Data extracted from a collection:
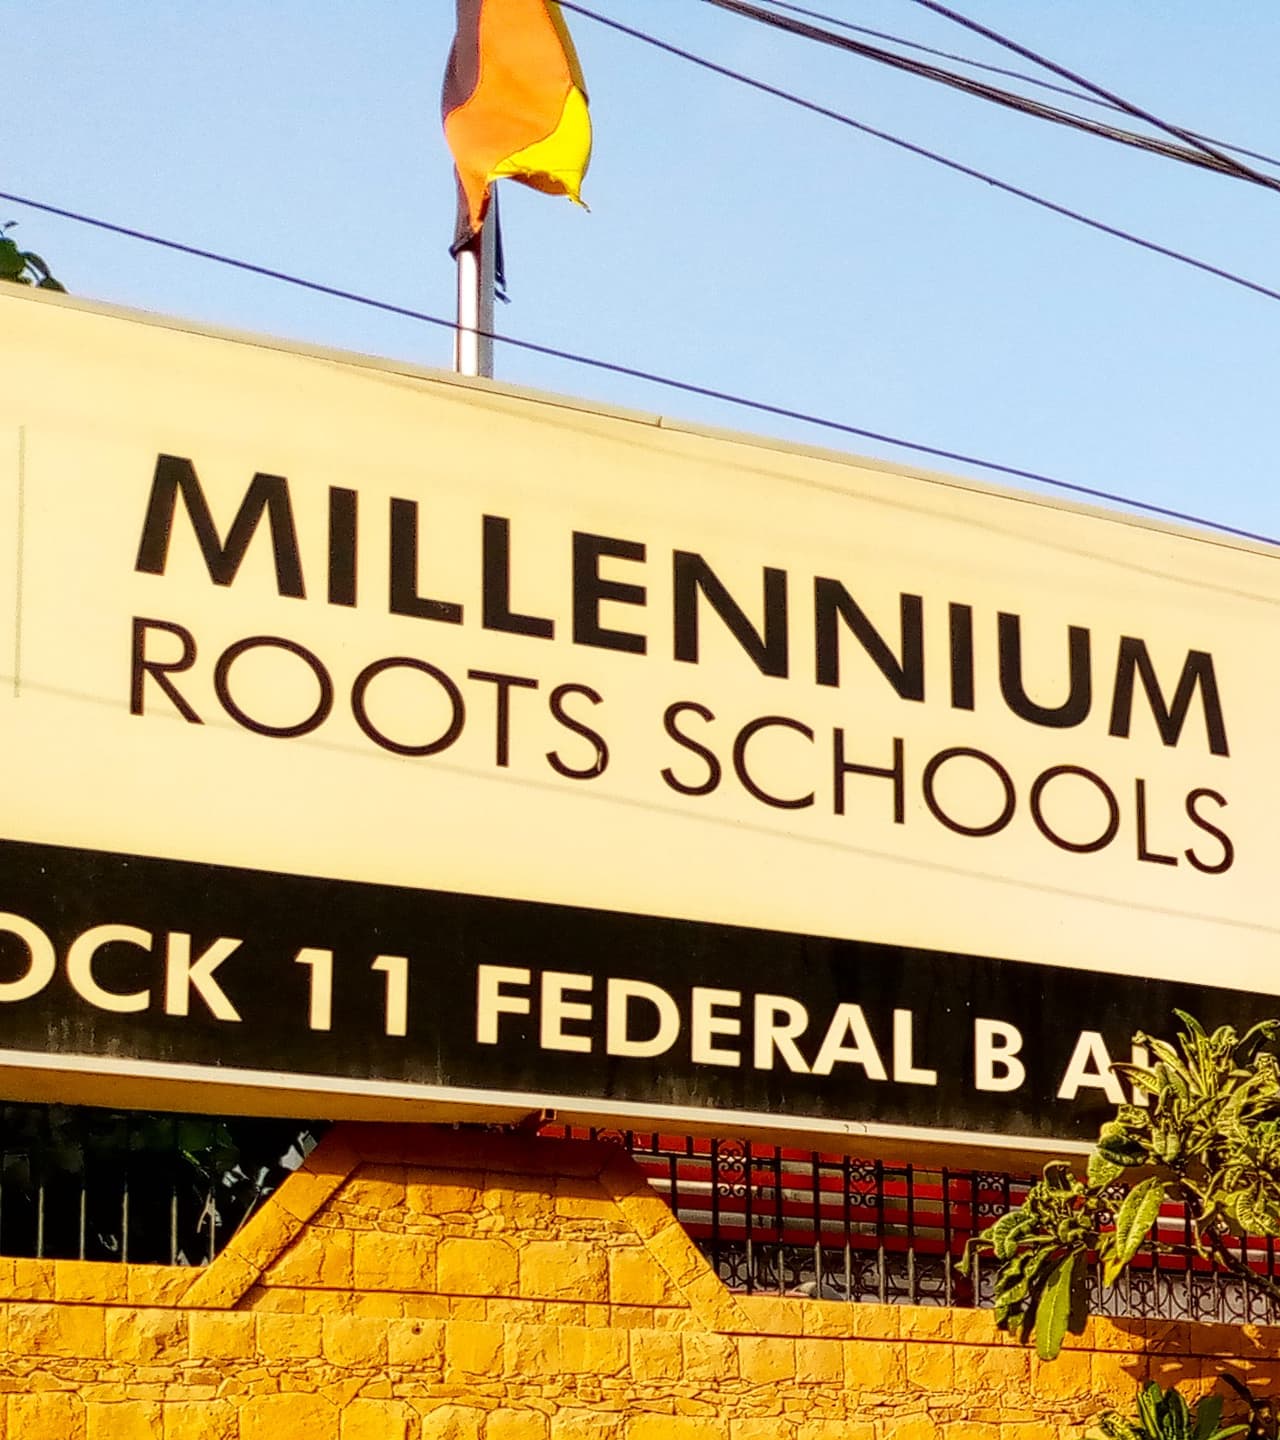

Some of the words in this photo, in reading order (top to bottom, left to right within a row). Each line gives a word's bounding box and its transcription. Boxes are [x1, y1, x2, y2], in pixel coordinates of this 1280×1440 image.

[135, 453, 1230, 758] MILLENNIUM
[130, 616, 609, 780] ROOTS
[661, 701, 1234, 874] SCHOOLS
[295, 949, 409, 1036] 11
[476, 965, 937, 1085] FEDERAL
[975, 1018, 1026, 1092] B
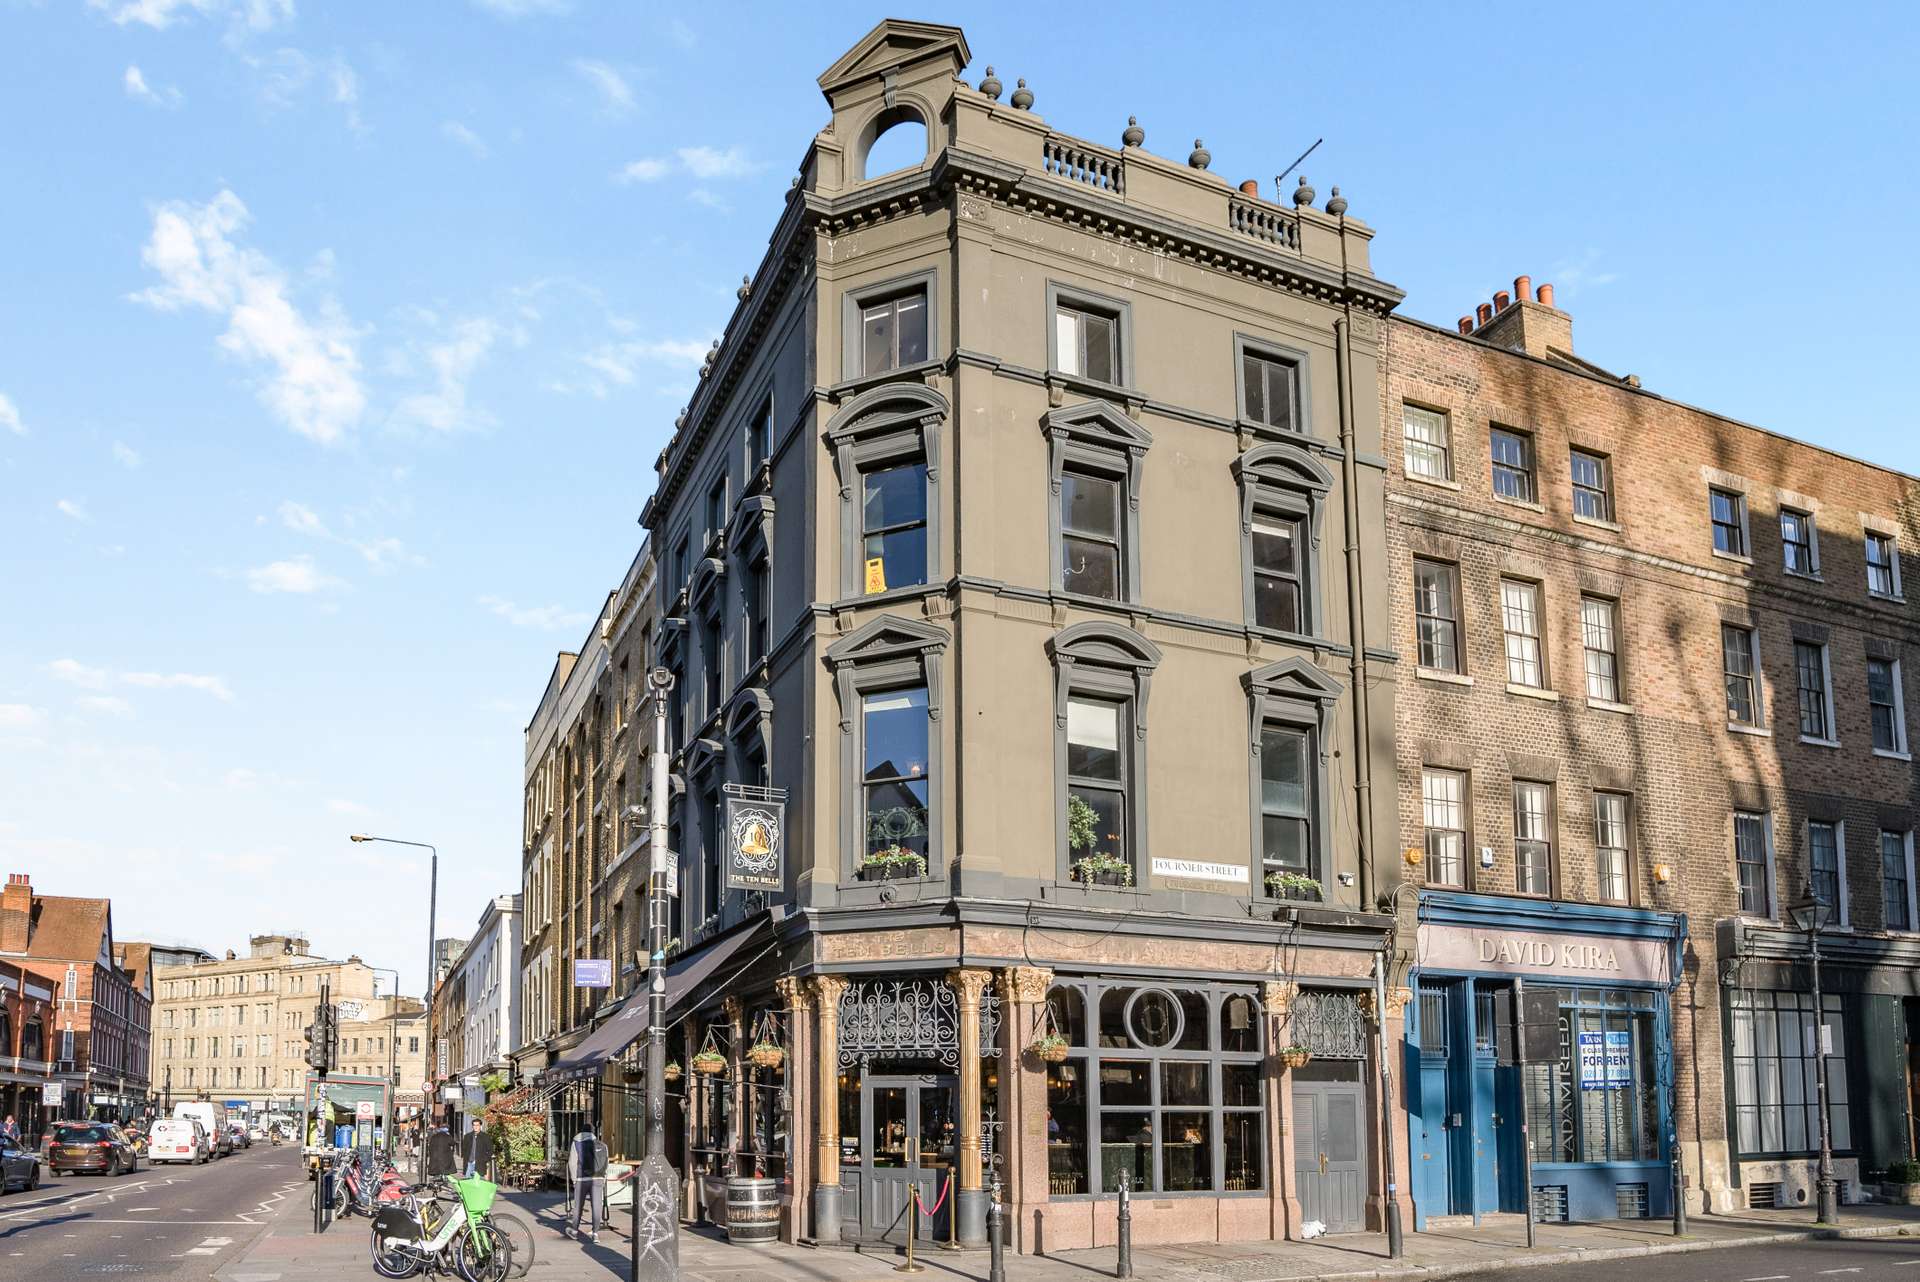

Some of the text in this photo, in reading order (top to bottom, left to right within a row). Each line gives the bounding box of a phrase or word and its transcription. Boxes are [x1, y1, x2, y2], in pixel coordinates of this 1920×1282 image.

...

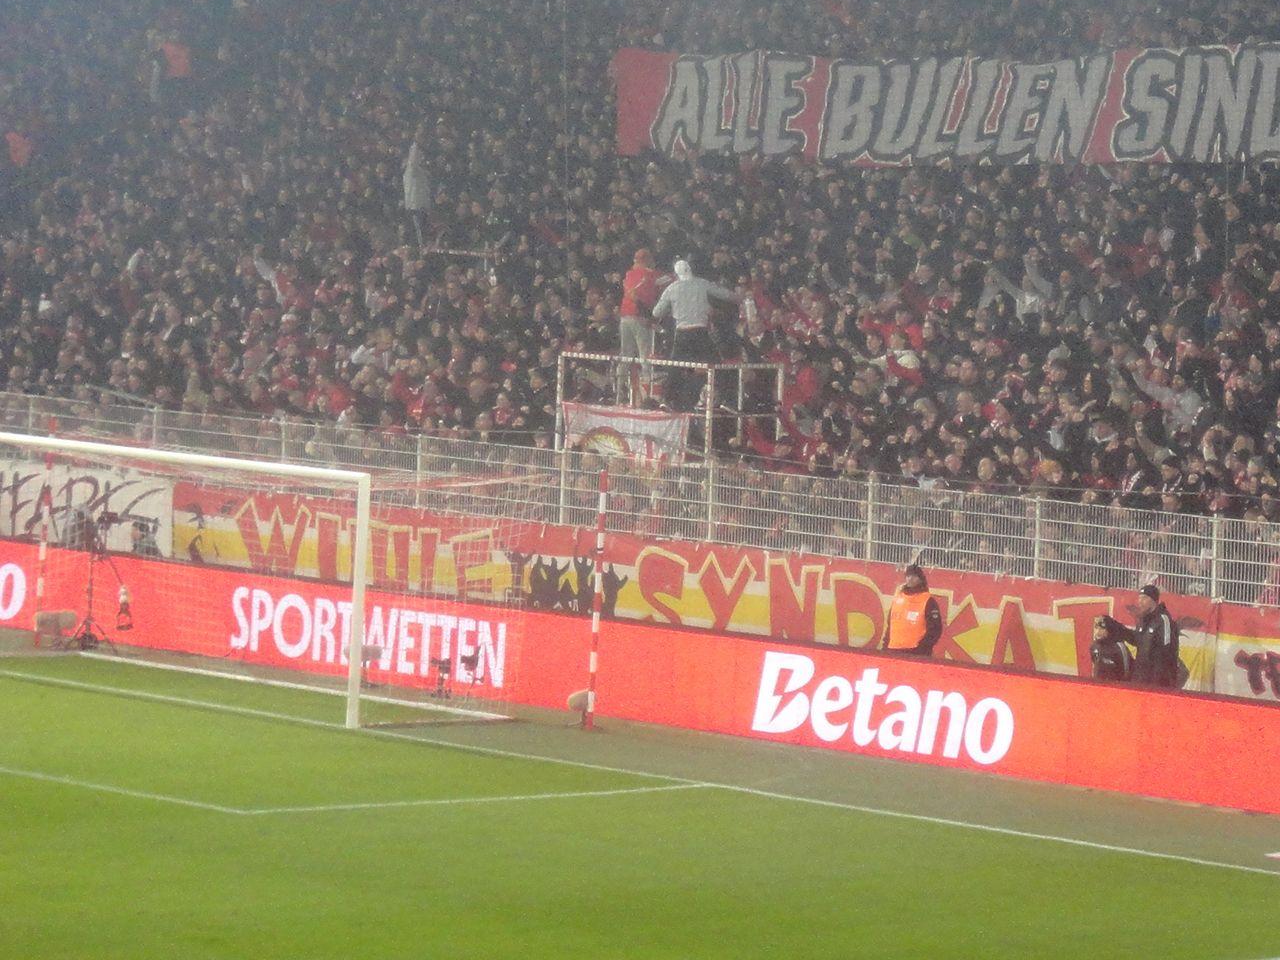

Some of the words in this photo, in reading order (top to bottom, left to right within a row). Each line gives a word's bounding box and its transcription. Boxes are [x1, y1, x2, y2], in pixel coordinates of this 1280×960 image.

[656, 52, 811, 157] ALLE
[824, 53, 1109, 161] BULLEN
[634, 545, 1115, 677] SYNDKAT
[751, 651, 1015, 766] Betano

_PROBLEM:_
Taking the records above, print only and exactly the lines from the line with "this 1280×1440 image." to the line with "Some of the text", both kept, and exclude pictures.

_WRITTEN ANSWER:_
Some of the words in this photo, in reading order (top to bottom, left to right within a row). Each line gives a word's bounding box and its transcription. Boxes are [x1, y1, x2, y2], in pixel coordinates of this 1280×1440 image.

[135, 453, 1230, 758] MILLENNIUM
[130, 616, 609, 780] ROOTS
[661, 701, 1234, 874] SCHOOLS
[295, 949, 409, 1036] 11
[476, 965, 937, 1085] FEDERAL
[975, 1018, 1026, 1092] B

Some of the text in this photo, in reading order (top to bottom, left to right within a row). Each line gives the bounding box of a phrase or word and its transcription. Boxes are [x1, y1, x2, y2], in pixel coordinates of this 1920×1282 image.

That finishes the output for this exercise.